The mechanistic target of rapamycin complex 1 (mTORC1) is a master controller of cell growth and metabolism which integrates diverse bio-signaling inputs to coordinate various fundamental biological processes. Amino acids, especially leucine, arginine and glutamine, signal to mTORC1 activation. Classically, Rag GTPases play a crucial role in amino acids-induced mTORC1 activation in the lysosome and Golgi apparatus. More recently, multiple amino acid sensors have been identified and most of them indirectly associate with Rag GTPases. As a result, the mechanistic details on how amino acids are sensed and activate mTORC1 are rapidly evolving. This review discusses current understanding of mTORC1 activation and provides a brief and up-to-date narrative on the progress of amino acid sensors regulating mTORC1 activation.
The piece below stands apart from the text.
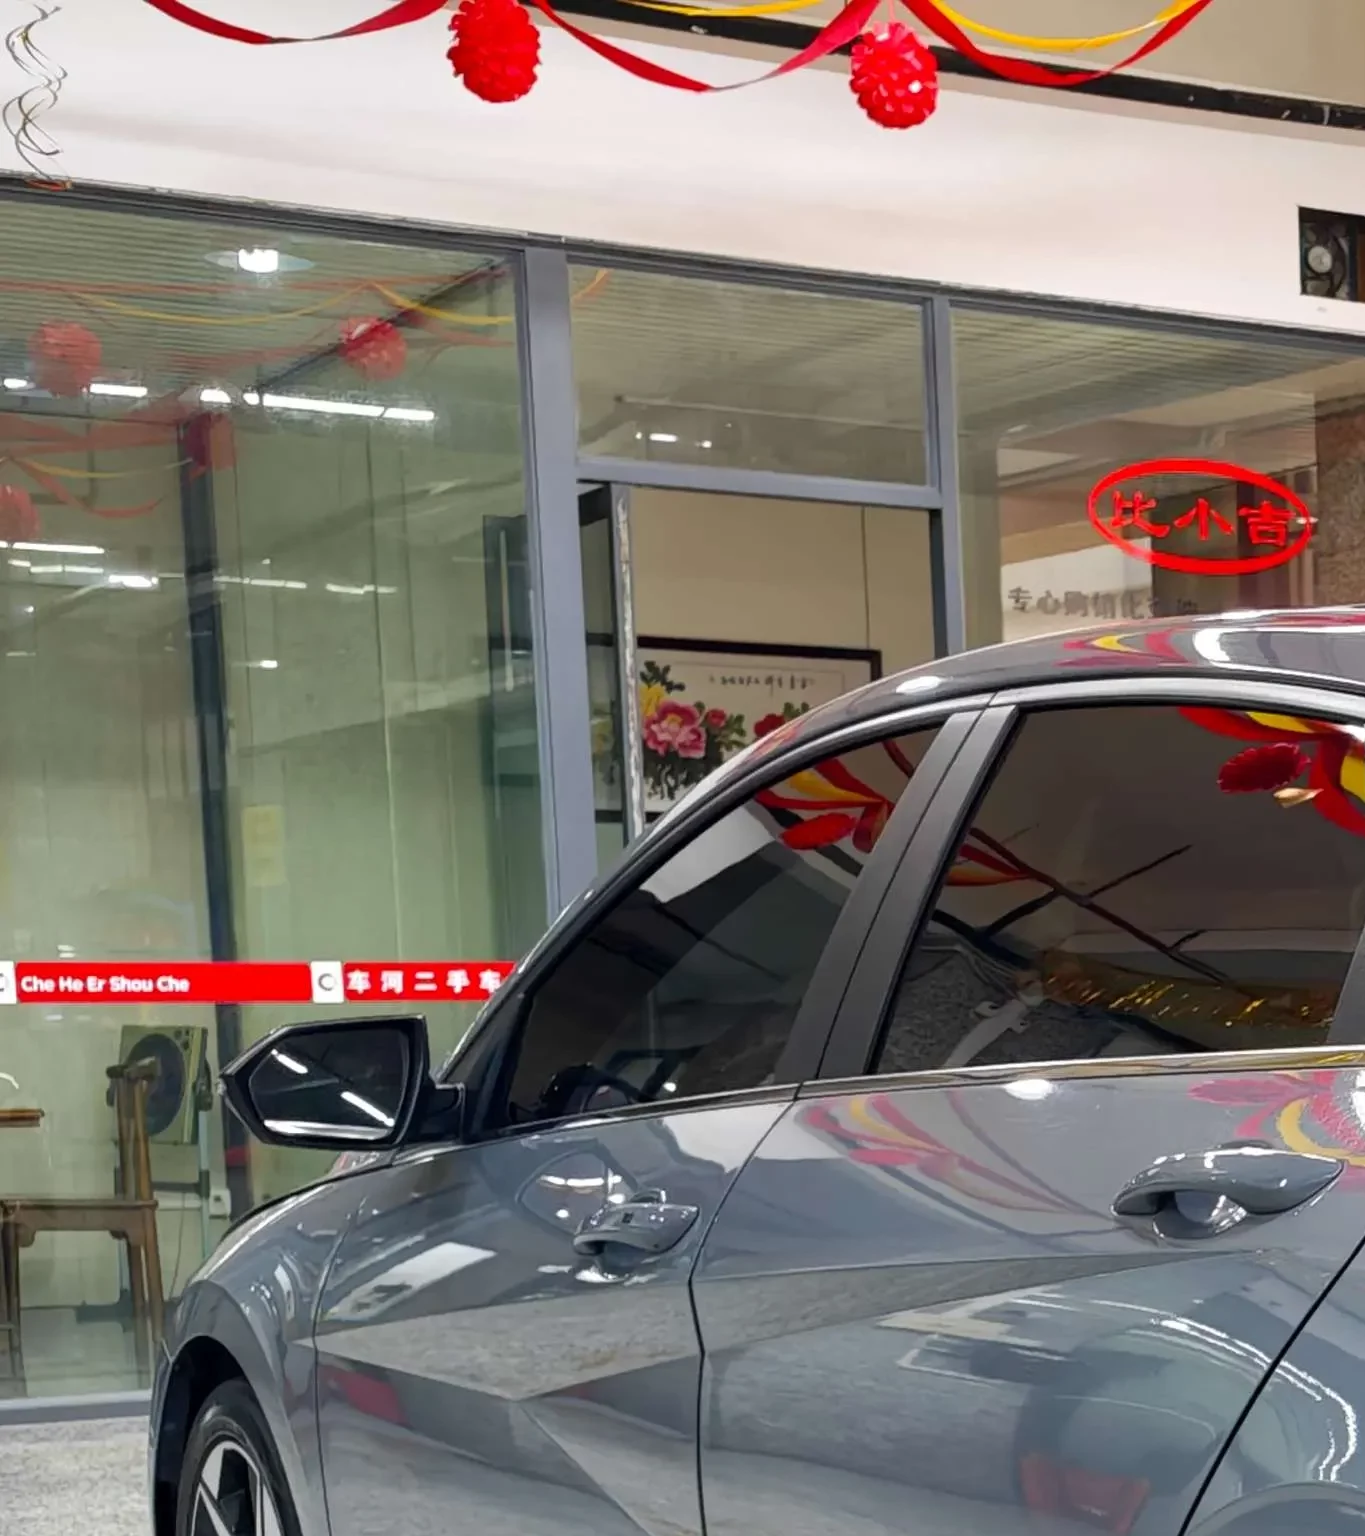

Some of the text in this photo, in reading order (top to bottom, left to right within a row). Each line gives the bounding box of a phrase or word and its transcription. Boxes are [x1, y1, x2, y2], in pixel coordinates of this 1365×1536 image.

[20, 975, 190, 993] Che He Er Shou Che
Eukaryotic cells have evolved mechanisms for integrating signals from the environment to ensure efficiently transitioning between anabolic and catabolic states, allowing them to survive and grow. The studies of the past decades have revealed that the mechanistic/mammalian target of rapamycin complex 1 (mTORC1) has played a central role in integrating signals and regulating fundamental cell process(1-5). The mTORC1 is an evolutionary conserved atypical serine/threonine protein kinase that belongs to phosphoinositide protein kinases family (PIKKs). The mTORC1 is a key integrator of environmental cues, such as growth factors, energy status, and an array of stress(6), which control many processes from cell growth to apoptosis, and deregulated mTORC1 activation is associated with many human diseases (4, 7-9).
Among these signals, amino acids act as crucial nutrient signals to activate the mTORC1 pathway in addition to their role as protein building blocks. Amino acids are also precursor substrates to synthetize many low-molecule substances which feature enormous physiological functions. In addition, there is increasing evidence that multi-amino acids (leucine, arginine, serine, glutamine) can participate in or regulate key metabolic mTORC1 pathway to improve animal health, survival, growth, development and reproduction of organisms(10-13), even though the essential amino acid leucine has been considered as a crucial mTORC1 activator in many cell types. Therefore, in this review, we attempt to provide a brief and up-to-date narrative on key mediators of amino acid sensing pathway in the regulation of mTORC1.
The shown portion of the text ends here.